Fairplex is more than just the L.A. County Fair. The Sheraton Fairplex Hotel and Conference Center as well as several areas of the campus are utilized for events throughout the year, from conferences to trade shows, dinner parties to weddings.
I sat down with Beth Gallagher, director of food and beverage at Fairplex to ask what she does to ensure her clients the best event experience possible. Here are some of her most helpful tips:
1. Understand client expectations. What may seem like a small part of the event for you can be a stressful ordeal for the client. Know what your client’s priorities are and what they are worried about and attend each task accordingly.
2. Get the basic blueprint. During the initial conversation Beth makes sure to get basic information from the client before any detailed planning. How many people are attending, what time of day the event is and the nature of the event are all questions she gets answered before deciding what space would be most accommodating to them.
3. Uncover the details.This goes back to listening to clients. Sometimes a client won’t verbalize a clear picture of what they want or they just glaze over the details. Uncover their tastes and pick up on clues as you prepare to draft your proposal to them.
4. Customize, customize, customize. Not every hotel has the flexibility to do this, but at Fairplex, Beth makes it a top priority to customize the event packages, meals and venue as exactly to the client’s preferences as possible. Whether it’s lighting, color schemes or bringing in additional furniture or decor, try to make the event as unique to your client as possible. Make them feel like they matter.
5. Know your real estate. Sell your event space as real estate. “The zip code for one of our ballrooms on a Saturday night is the equivalent of Beverly Hills,” Beth said. The price per square foot is higher when the space is in demand. The price changes from day to day, season to season.
6. On decorating… Fairplex staff tries to meet all client needs as much as possible. This includes not only catering and lights but decorating the event space as well. Beth collaborates with her team and, based off the agenda and theme given to her by the clients, transforms the facilities into a space worthy of mention. “We evolve what we have into what they want,” Beth said. So far that has meant everything from a ballroom into a night club, an expo hall into an ice rink and a lawn into a jazz lounge.
7. Make sure your teams work well together–or at least get the job done. “We work like siblings,” Beth says. “Sometimes teams don’t agree on the way something should be done, but at the end of the day we have the same goal. Whatever we do, we make sure there is a constant line of communication.” Your client will be most happy when the job is done.
8. Be a perfectionist but know when to let go. The success is in the details. It’s important to care about the little things as well as see the big picture. At the same time it’s essential to know when to let something go. If you–the perfectionist event planner–are the only one who notices it, and your client and his/her guests are having a good time, just let it go.

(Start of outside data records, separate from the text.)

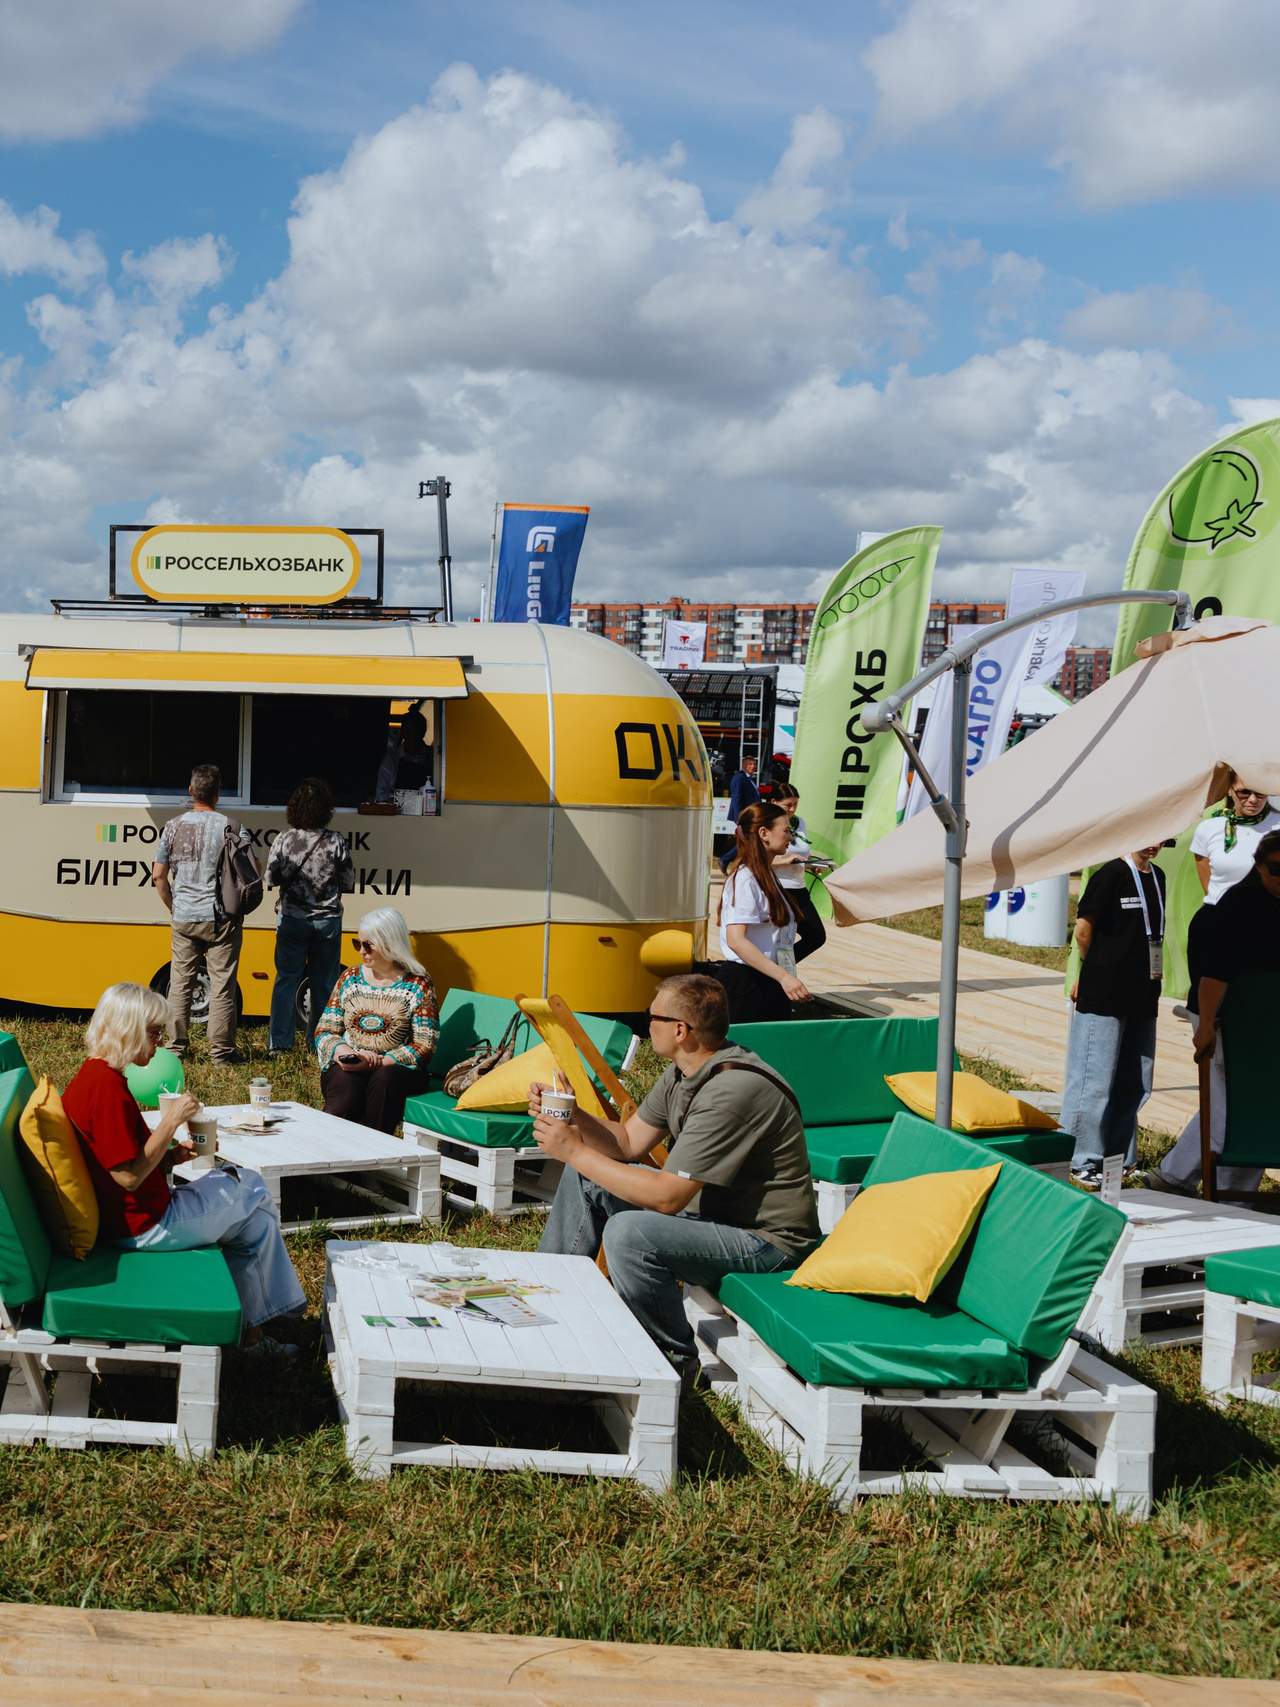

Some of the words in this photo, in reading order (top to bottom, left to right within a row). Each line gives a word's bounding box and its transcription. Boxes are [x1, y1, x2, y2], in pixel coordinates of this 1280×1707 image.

[165, 556, 344, 573] РОССЕЛЬХОЗБАНК
[966, 660, 1002, 777] САГРО
[615, 722, 708, 782] ОК
[57, 858, 157, 888] БИРЖ
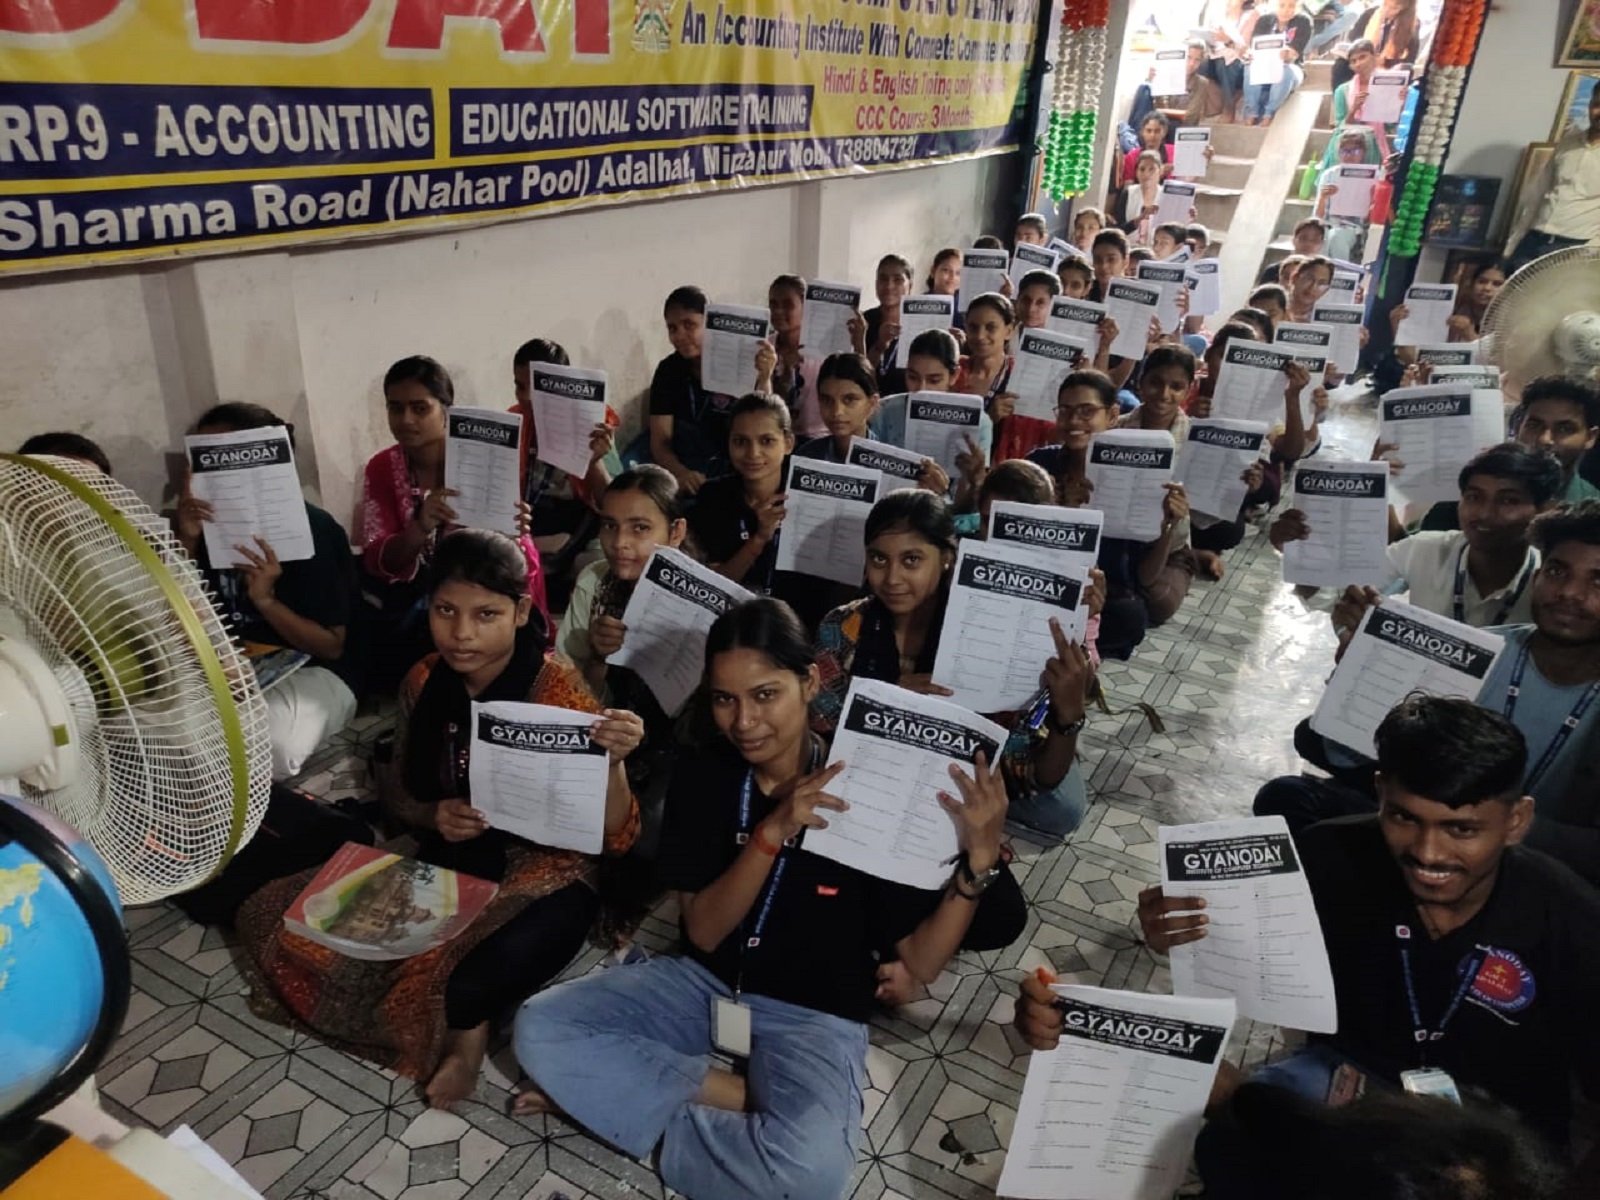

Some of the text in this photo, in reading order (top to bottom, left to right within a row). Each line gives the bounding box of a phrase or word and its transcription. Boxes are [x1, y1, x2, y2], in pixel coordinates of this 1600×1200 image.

9. Keep diversity (especially culture) in mind when it comes to food.When it comes to food the first thing to do is figure out how important it is to a client. In some cultures the quality of food is a way of displaying a client’s status. In other cultures it is the main form of showing hospitality. The bottom line is that realizing food preferences and level of importance differs with each client. See what works best for that particular scenario.
10. Know your venue’s strengths and capitalize on them. Fairplex and the Sheraton Fairplex Hotel and Conference Center excels in customizable space, high quality food and excellent customer service. The first thing Beth shows potential clients is the flexibility each space has. This can be anything from setting up a mock wine tasting to an elaborate table display during the initial visit.
Beth entered the event industry working for a small party rental company. Since then she has spent time working on sales and event operations for the Olympics, sports arenas throughout the nation and professional golf and tennis tournaments. She also owned her own catering company prior to joining the team at Fairplex.